Apple has always been an excellent example of marketing done right. From shiny Apple stores to commercials that connect with consumers, the Apple marketing team is used as an example in business schools across the world. However, Apple’s marketing plans seem to have taken a turn off course lately. Whether or not this new direction is good or bad has yet to be seen, but there is a pattern developing here that will be interesting to watch.
Just a few weeks ago, Target announced that some select stores would begin carrying MacBooks and other Apple products (set up as small Apple stores inside of Target stores). Now, Apple seems to have made a deal with Target’s competitor: Walmart. Word on the tech street is that Sam’s Club (owned by Walmart) will begin selling a number of Apple products (not just iPods and iPads). Is this a good move for Apple? Or, is Apple taking a giant risk at watering down the popular brand?
A Big Brand Risk
When speaking of watering down a brand, Krispy Kreme Doughnuts’ Canadian adventure comes to mind. Krispy Kreme started off in Canada on a strong note. People flocked to Krispy Kreme locations, bought the delicious doughnuts, and loved every minute of Krispy Kreme goodness – the company even had a great in-store marketing scheme happening by giving away a free doughnut to every consumer. Then, something happened. Krispy Kreme doughnuts were suddenly sold in gas stations and in grocery stores. Consumer who had become used to fresh and soft doughnuts were suddenly sold day-old stale delights.

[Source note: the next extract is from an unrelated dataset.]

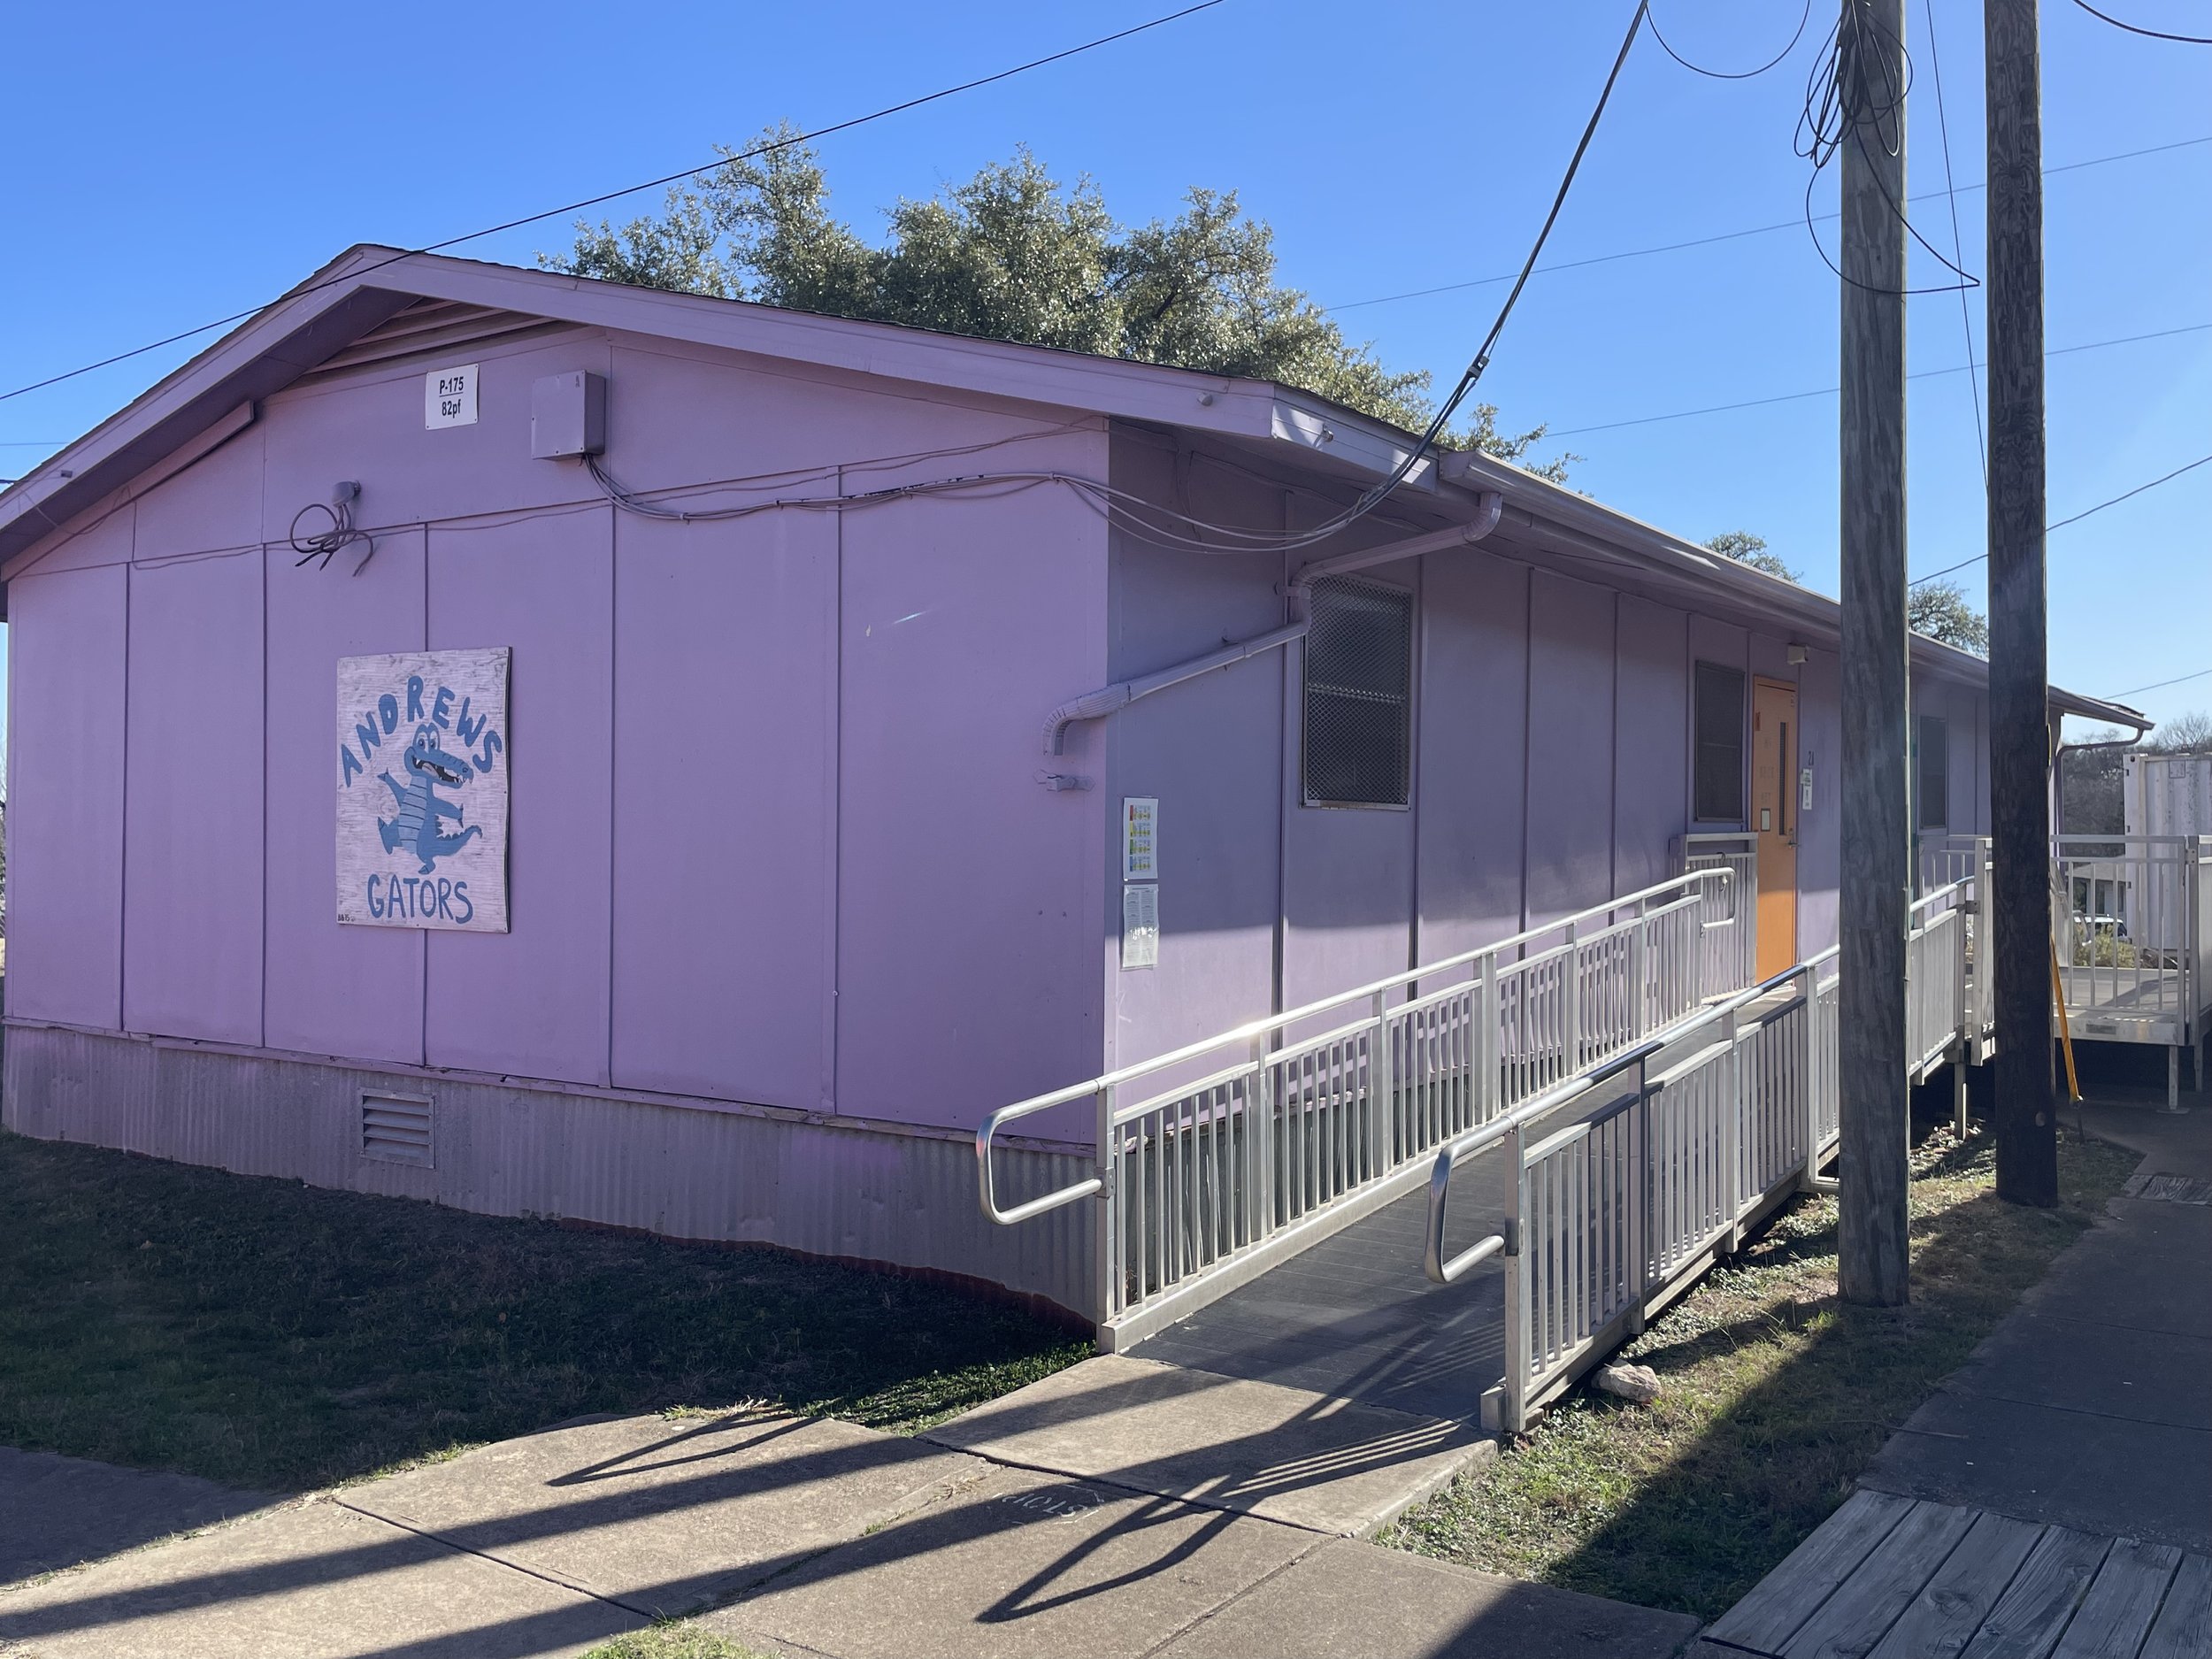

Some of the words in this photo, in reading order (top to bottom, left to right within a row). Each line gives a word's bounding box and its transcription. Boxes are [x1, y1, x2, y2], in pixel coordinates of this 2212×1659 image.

[439, 376, 464, 395] P-175
[442, 398, 461, 419] 82pf
[341, 675, 503, 787] ANDREWS
[367, 873, 473, 925] GATORS

As a result of selling doughnuts in non-Krispy Kreme locations, consumers started to hate the brand. After all, who wants to purchase day-old doughnuts that just aren’t great? In addition, new Krispy Kreme consumers took a first bite of a doughnut that wasn’t good. What happened? Many Krispy Kreme locations closed, and now the brand has all but disappeared. It’s easy to compare the two brands from a marketing perspective, but, of course, Apple isn’t selling a stale food product, so this analogy might not fully apply. Then again, one has to ask: is Apple taking a Krispy Kreme risk?

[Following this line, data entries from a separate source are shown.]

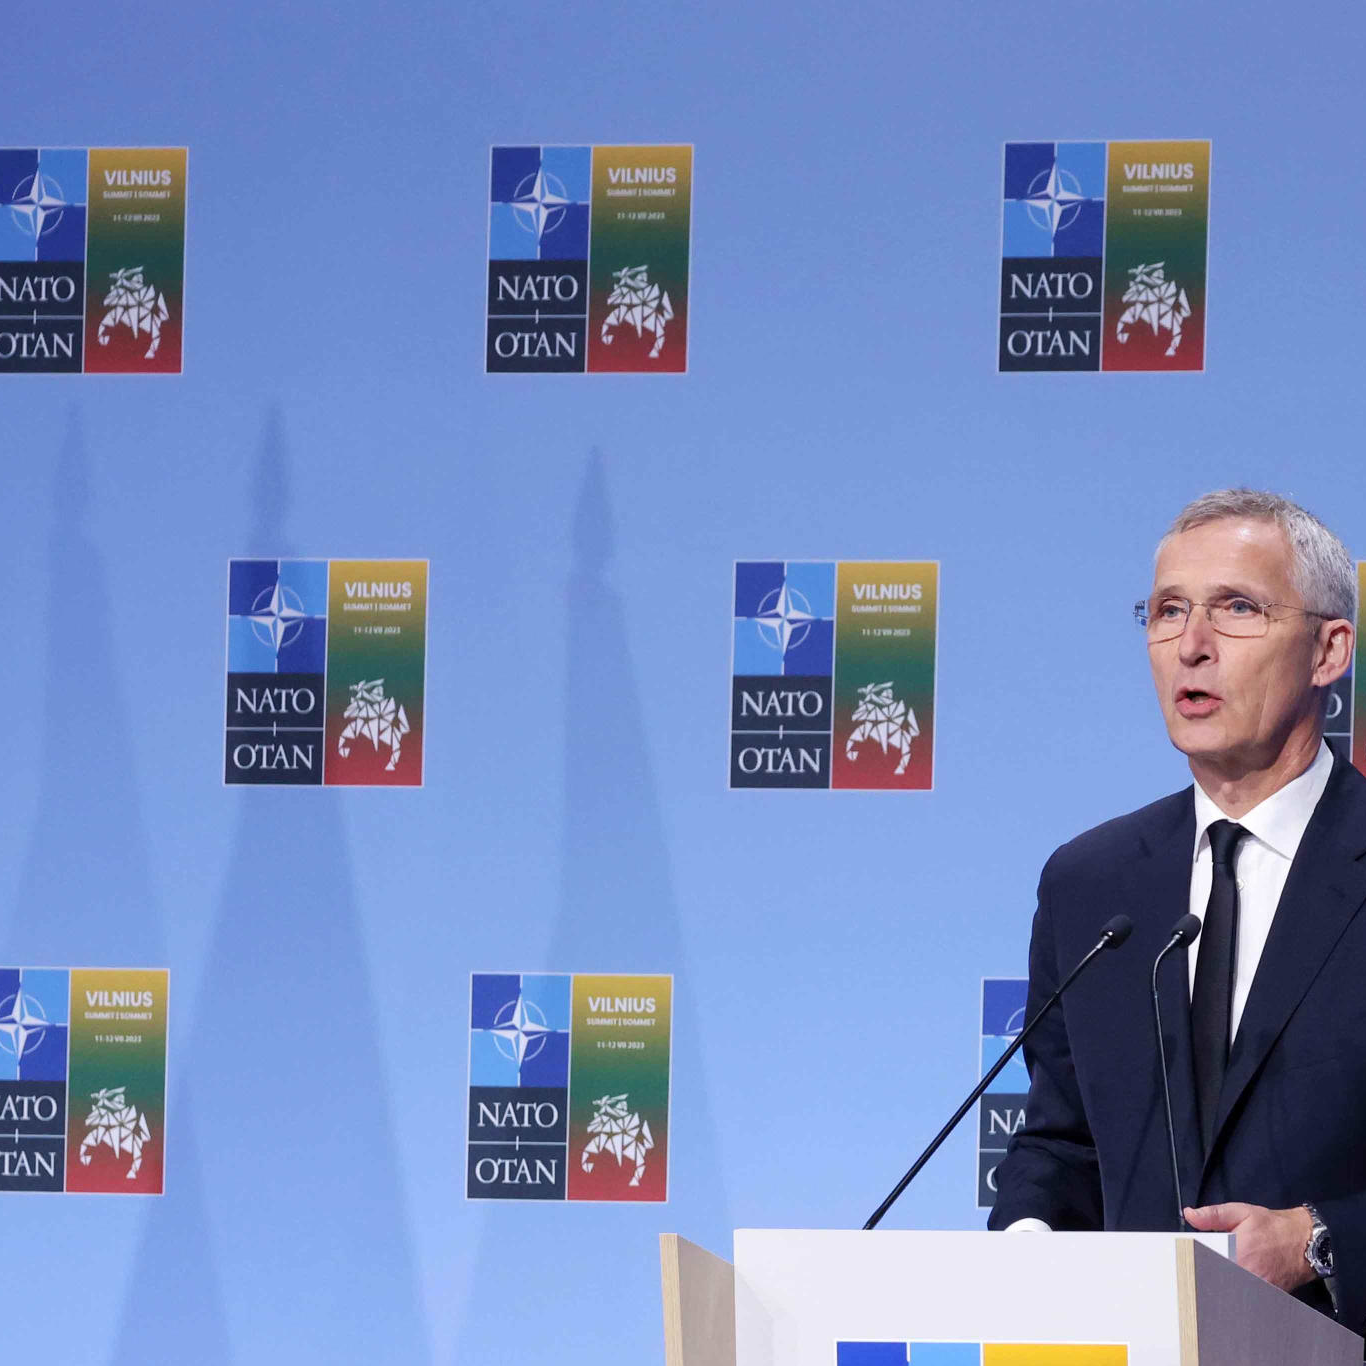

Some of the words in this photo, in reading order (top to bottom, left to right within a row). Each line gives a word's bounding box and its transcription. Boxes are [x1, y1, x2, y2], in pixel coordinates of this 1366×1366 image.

[104, 169, 171, 186] VILNIUS
[607, 167, 677, 184] VILNIUS
[1124, 163, 1194, 179] VILNIUS
[498, 275, 578, 300] NATO
[1011, 273, 1092, 298] NATO
[495, 332, 576, 357] OTAN
[1008, 330, 1090, 355] OTAN
[344, 581, 411, 598] VILNIUS
[853, 583, 922, 600] VILNIUS
[236, 688, 315, 713] NATO
[741, 691, 822, 716] NATO
[233, 744, 313, 769] OTAN
[739, 748, 821, 773] OTAN
[85, 991, 153, 1007] VILNIUS
[588, 996, 656, 1013] VILNIUS
[478, 1102, 558, 1127] NATO
[989, 1109, 1026, 1135] NA
[476, 1159, 556, 1184] OTAN
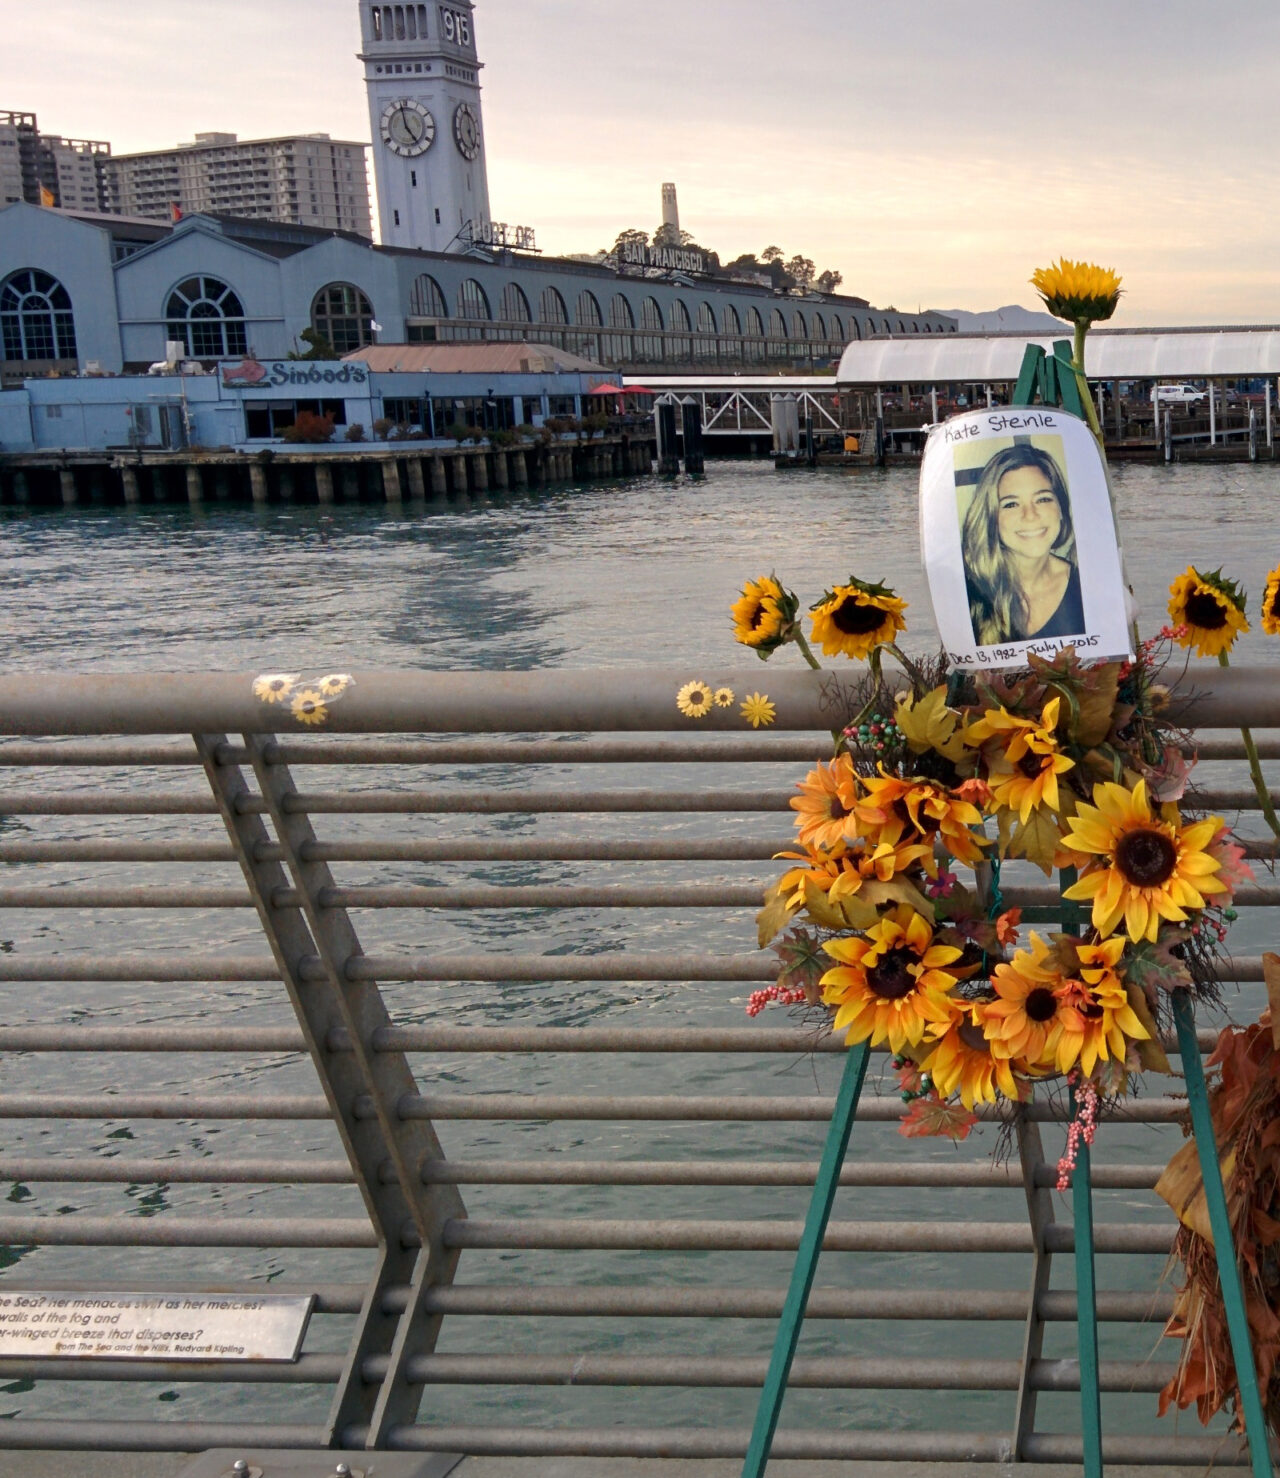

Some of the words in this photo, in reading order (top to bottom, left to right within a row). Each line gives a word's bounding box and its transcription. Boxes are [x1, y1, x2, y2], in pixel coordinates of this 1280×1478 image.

[624, 242, 645, 264] SAN
[649, 246, 703, 272] FRANCISCO
[270, 362, 367, 386] Sinbad's
[944, 424, 980, 443] Kate
[988, 413, 1058, 431] Steinle
[949, 652, 974, 665] Dec
[993, 649, 1018, 661] 1982
[1026, 640, 1058, 659] July
[1070, 635, 1100, 649] 2015
[13, 1296, 47, 1308] Sea?
[72, 1299, 131, 1309] menaces
[165, 1301, 180, 1309] as
[182, 1299, 205, 1310] her
[31, 1311, 46, 1323] of
[46, 1311, 67, 1323] the
[69, 1312, 92, 1326] fog
[94, 1312, 121, 1324] and
[60, 1327, 105, 1339] breeze
[107, 1328, 135, 1340] that
[135, 1328, 204, 1342] disperses?
[77, 1342, 94, 1351] The
[95, 1342, 113, 1352] Sea
[114, 1343, 133, 1352] and
[174, 1344, 213, 1355] Rudyard
[213, 1345, 245, 1355] Kipling

On the flip side, Apple might be able to entice consumer who have never picked up or played with an Apple device before. Seemingly, the products that Sam’s Club will be selling will also have to be offered at a discounted price, since this is what Sam’s Club members expect to see, but no word on pricing has been offered up yet. There’s no doubt that Apple is taking a risk by opening up shop inside of Target and Sam’s Club stores. Is this a risk that will pay off for the brand or is it a mistake?
There’s no word yet on whether or not Sam’s Club will start selling Apple products in-store within the next few months. Target will begin setting up Apple kiosks inside of select Target stores shortly, and it will be interesting to see whether or not Sam’s Club follows suit. What do you think? Is Apple spreading its brand too thin?